**Try it:**
Type out the listing below exactly. Pictures stay out of it.

**Data shown:**
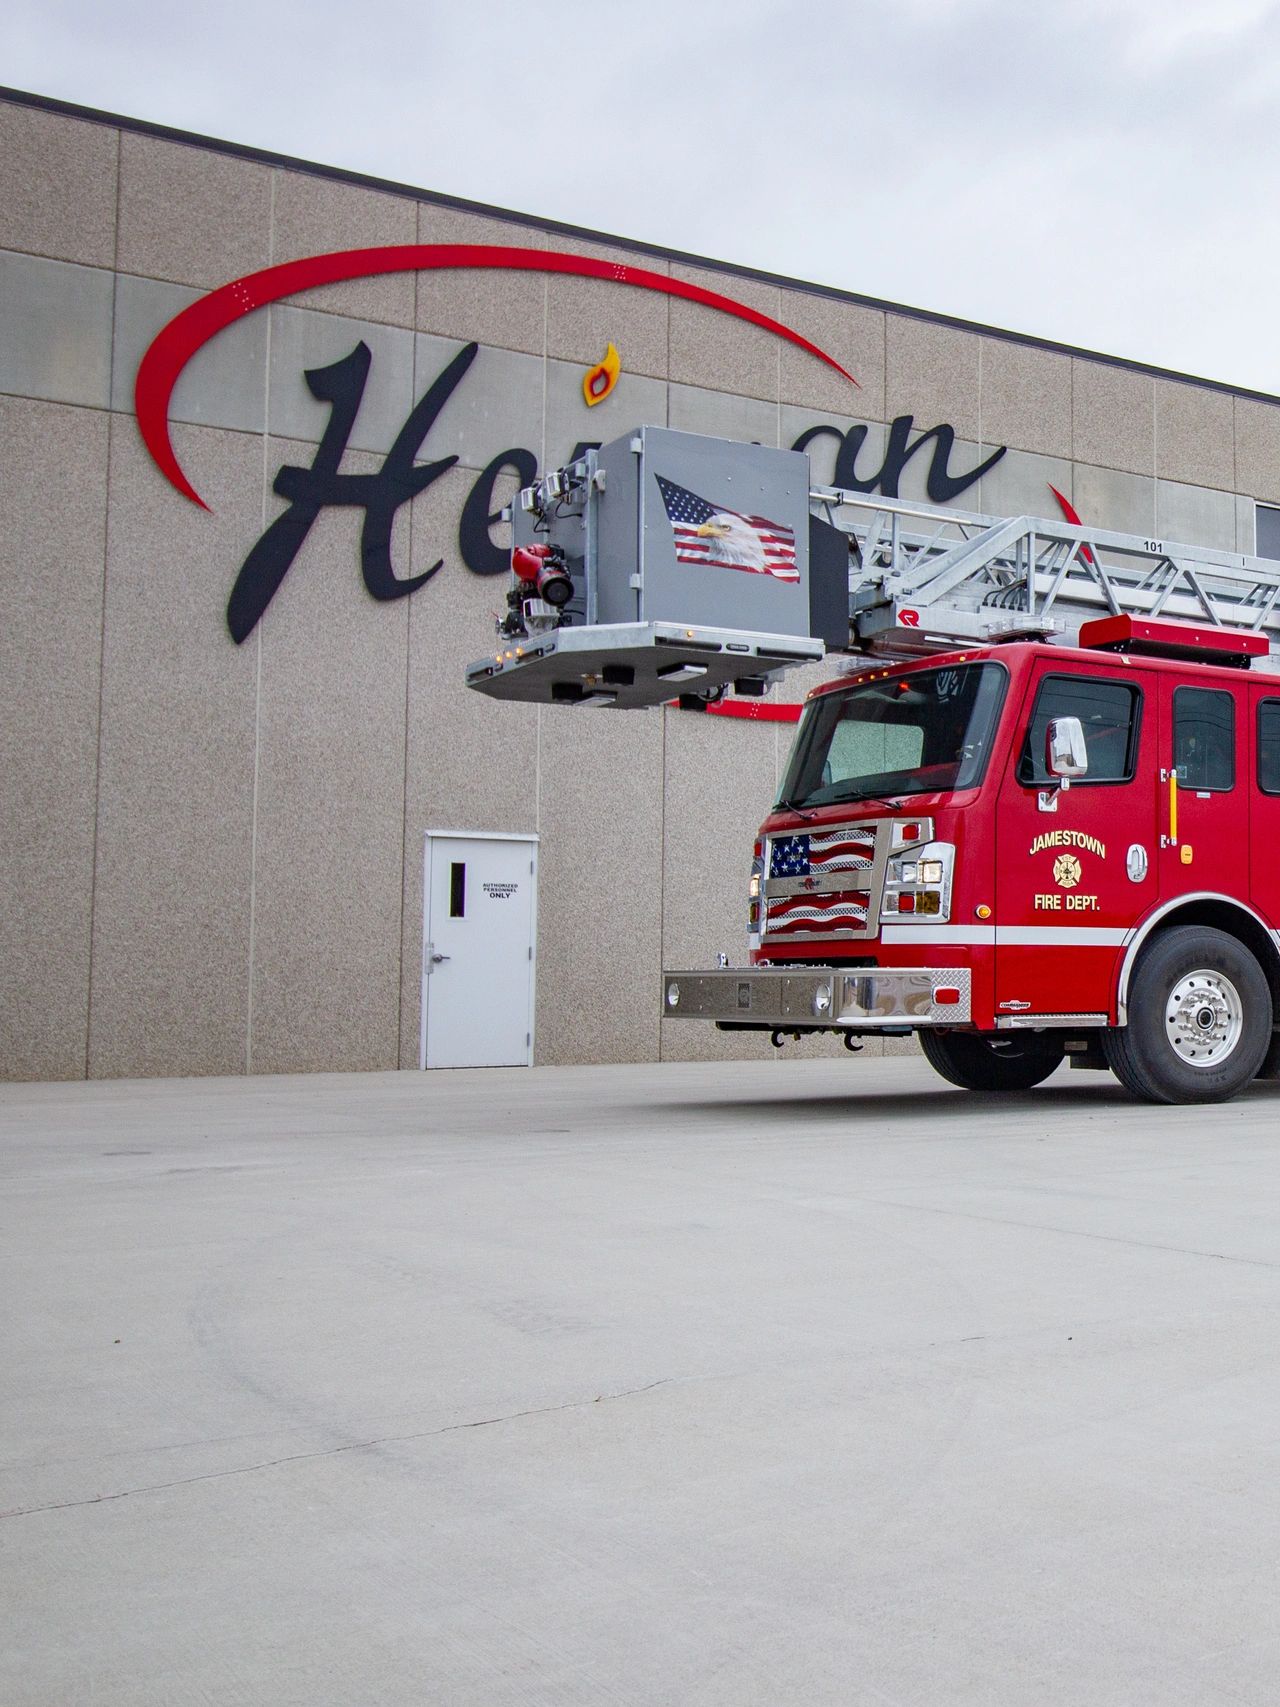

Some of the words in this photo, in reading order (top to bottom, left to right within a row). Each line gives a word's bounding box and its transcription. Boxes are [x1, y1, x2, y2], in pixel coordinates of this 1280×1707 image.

[226, 340, 1007, 645] Hean
[1143, 540, 1162, 553] 101
[1028, 829, 1106, 860] JAMESTOWN
[1034, 893, 1062, 910] FIRE
[1066, 895, 1100, 911] DEPT.

**Reply:**
Some of the words in this photo, in reading order (top to bottom, left to right within a row). Each line gives a word's bounding box and its transcription. Boxes are [x1, y1, x2, y2], in pixel coordinates of this 1280×1707 image.

[226, 340, 1007, 645] Hean
[1143, 540, 1162, 553] 101
[1028, 829, 1106, 860] JAMESTOWN
[1034, 893, 1062, 910] FIRE
[1066, 895, 1100, 911] DEPT.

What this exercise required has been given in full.